Although the data below holds other lines too, output only those from the line with "this 1782×1046 image." up to and including the line with "Some of the text", exactly as they appear.

§ **Data for this task**
◆ ◆ ◆ ◆ ◆

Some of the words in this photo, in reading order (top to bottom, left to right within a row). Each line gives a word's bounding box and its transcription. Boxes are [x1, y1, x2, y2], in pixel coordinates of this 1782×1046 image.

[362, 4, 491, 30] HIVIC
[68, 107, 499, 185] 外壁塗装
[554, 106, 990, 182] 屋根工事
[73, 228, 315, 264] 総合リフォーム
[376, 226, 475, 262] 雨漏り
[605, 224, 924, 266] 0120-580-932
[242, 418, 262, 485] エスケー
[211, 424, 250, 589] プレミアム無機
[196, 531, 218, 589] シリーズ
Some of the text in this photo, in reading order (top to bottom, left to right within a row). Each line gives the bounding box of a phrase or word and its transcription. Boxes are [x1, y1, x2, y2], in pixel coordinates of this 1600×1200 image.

◆ ◆ ◆ ◆ ◆

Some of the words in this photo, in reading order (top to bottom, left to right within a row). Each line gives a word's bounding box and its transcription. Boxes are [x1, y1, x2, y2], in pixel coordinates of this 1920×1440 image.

◆ ◆ ◆ ◆ ◆

§ **Completed exercise**
Some of the words in this photo, in reading order (top to bottom, left to right within a row). Each line gives a word's bounding box and its transcription. Boxes are [x1, y1, x2, y2], in pixel coordinates of this 1782×1046 image.

[362, 4, 491, 30] HIVIC
[68, 107, 499, 185] 外壁塗装
[554, 106, 990, 182] 屋根工事
[73, 228, 315, 264] 総合リフォーム
[376, 226, 475, 262] 雨漏り
[605, 224, 924, 266] 0120-580-932
[242, 418, 262, 485] エスケー
[211, 424, 250, 589] プレミアム無機
[196, 531, 218, 589] シリーズ
Some of the text in this photo, in reading order (top to bottom, left to right within a row). Each line gives the bounding box of a phrase or word and its transcription. Boxes are [x1, y1, x2, y2], in pixel coordinates of this 1600×1200 image.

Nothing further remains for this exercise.